Western blot analysis
Cells were washed twice with cold PBS and then incubated on ice with NP40 cell lysis buffer (Beyotime, P0013F) containing PMSF (Beyotime, ST505). The lysates were denatured for 10 min in 5× loading buffer and separated by sodium dodecyl sulfate-polyacrylamide gel electrophoresis (SDS-PAGE), and the proteins were transferred onto 0.2-μm polyvinylidene difluoride (PVDF) membranes (Millipore, ISEQ00010). After the transfer, the membrane was blocked with 5% (w/v) nonfat powdered milk in PBS for 2 h at room temperature and then washed with PBST three times followed by incubation with the primary antibody at 4 °C overnight.
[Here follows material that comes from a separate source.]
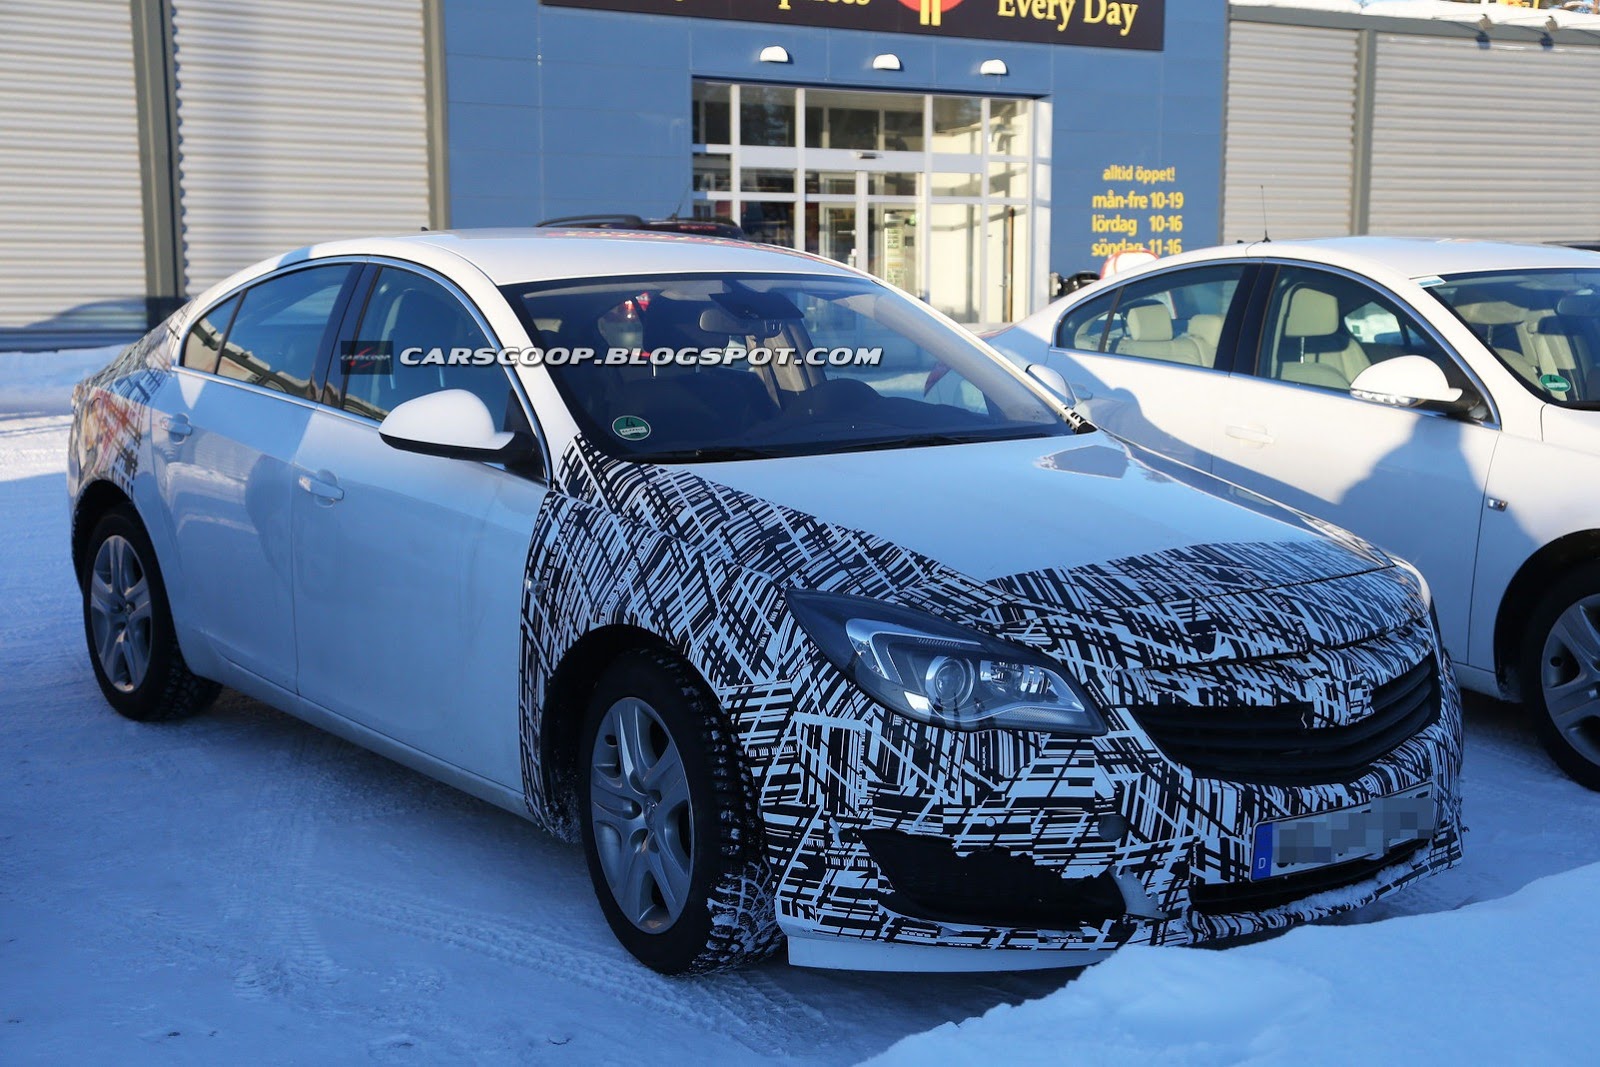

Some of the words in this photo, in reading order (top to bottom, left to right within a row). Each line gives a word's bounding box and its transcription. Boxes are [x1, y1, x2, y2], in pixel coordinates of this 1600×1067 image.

After rinsing with PBST, membranes were incubated with the corresponding secondary antibody conjugated with horseradish peroxidase (Fdbio Science, #FD8020) for 1 h at room temperature and detected using an enhanced chemiluminescence kit (NCM Biotech, #P10100). The ladders used in the western blot were purchased from Vazyme (cat#MP201).
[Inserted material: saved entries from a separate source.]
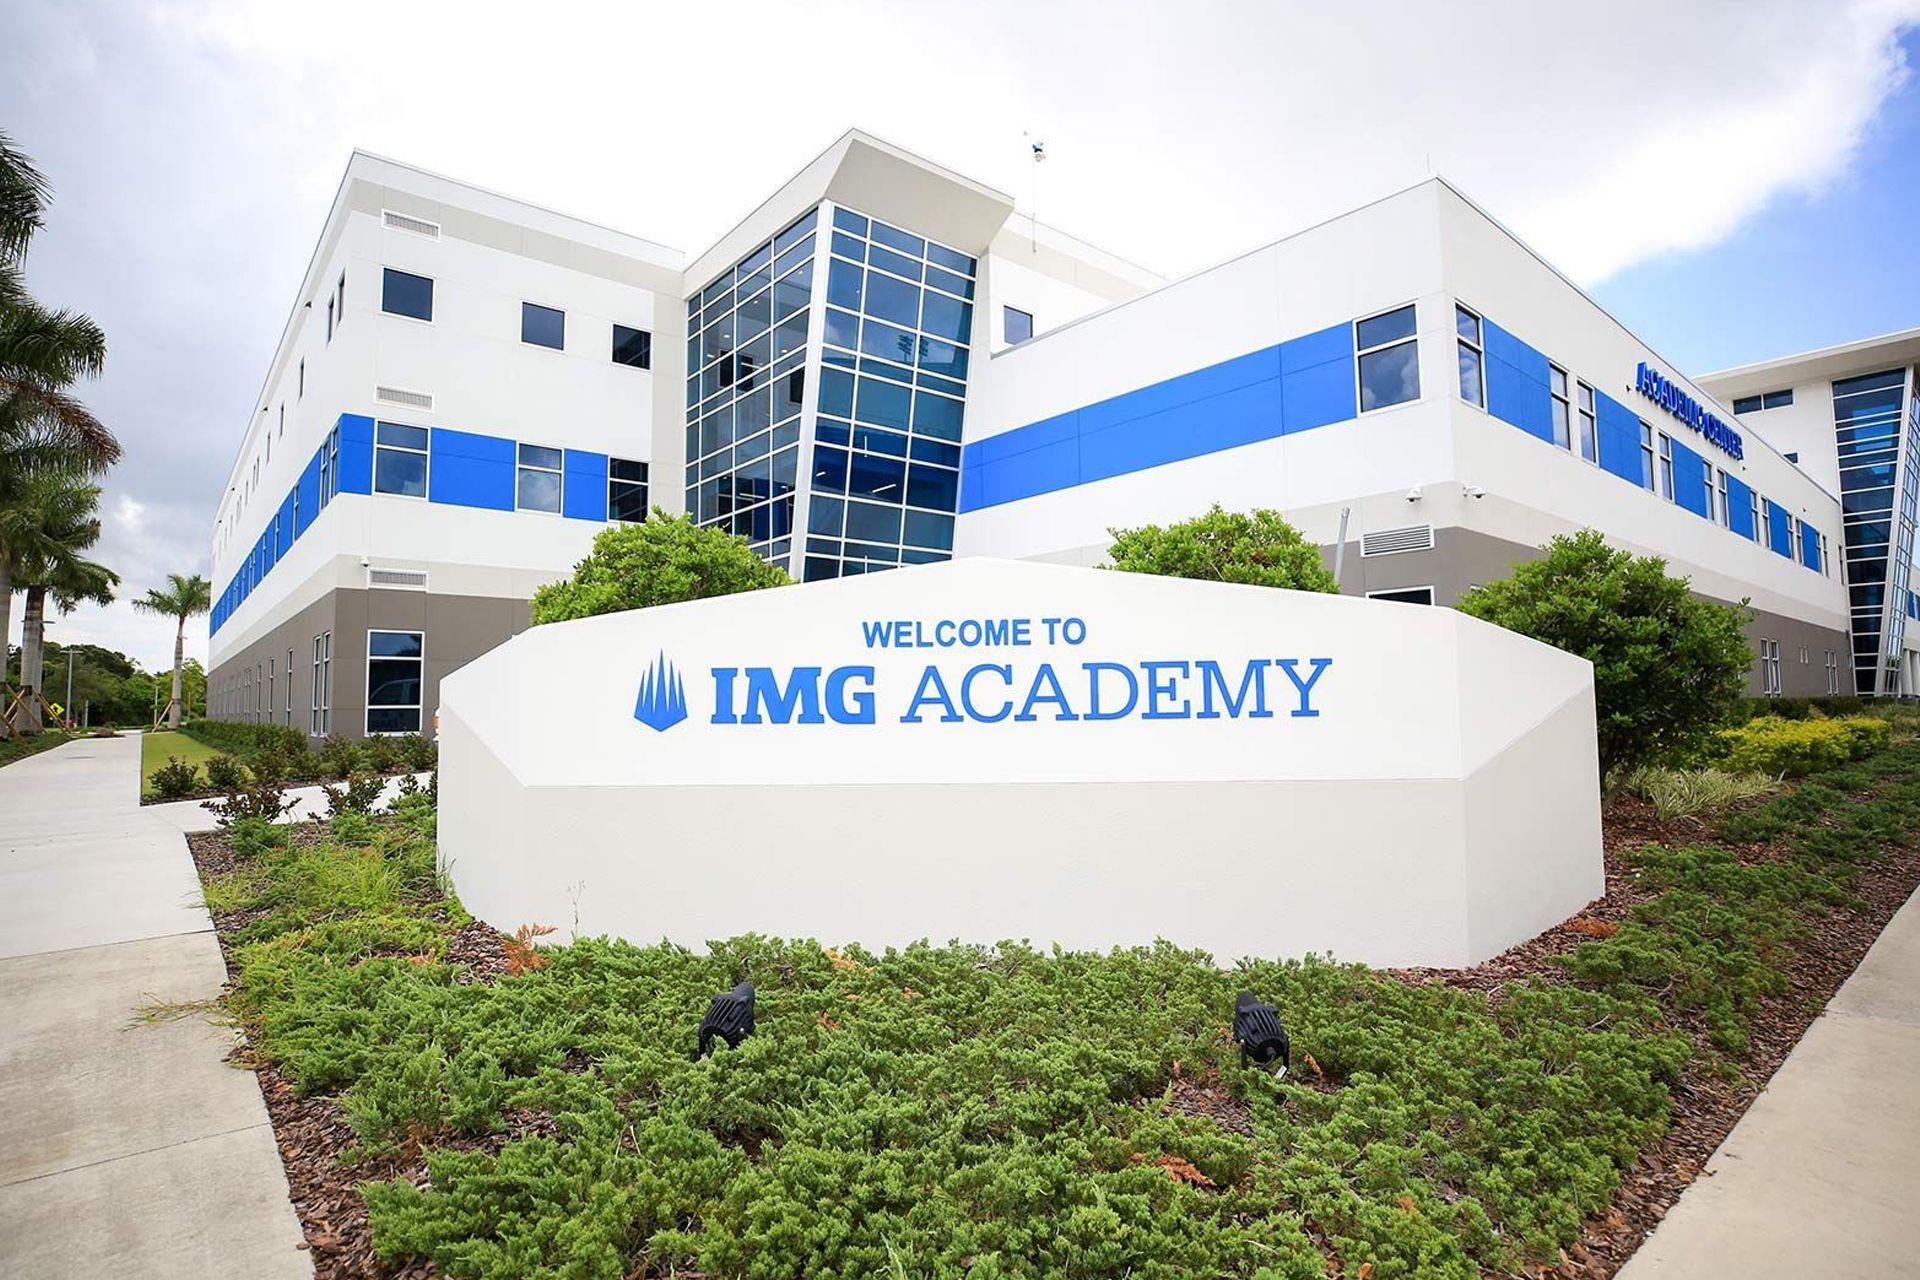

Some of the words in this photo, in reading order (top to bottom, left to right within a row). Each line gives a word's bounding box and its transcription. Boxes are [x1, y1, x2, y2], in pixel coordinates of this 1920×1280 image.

[1636, 361, 1704, 433] ACADEMIC
[1703, 412, 1744, 461] CENTER
[863, 619, 1031, 648] WELCOME
[1042, 617, 1087, 645] TO
[711, 665, 877, 725] IMG
[901, 658, 1333, 723] ACADEMY
Co-immunoprecipitation assay
HEK-293T cells seeded in 6-well plates were transfected with the specific plasmids. At 24 h after transfection, cells were lysed with NP40 cell lysis buffer (Beyotime, P0013F) containing PMSF (Beyotime, ST505). The lysates were centrifuged at 4°C for 15 min, and the supernatants were incubated with anti-FLAG-binding Dynabeads Protein G (Thermo Fisher Scientific, 10004D) at 4°C overnight. The Dynabeads were then washed 5 times with PBST and denatured in 1× SDS-PAGE loading buffer for 10 min. Finally, the resulting samples were analyzed by immunoblotting.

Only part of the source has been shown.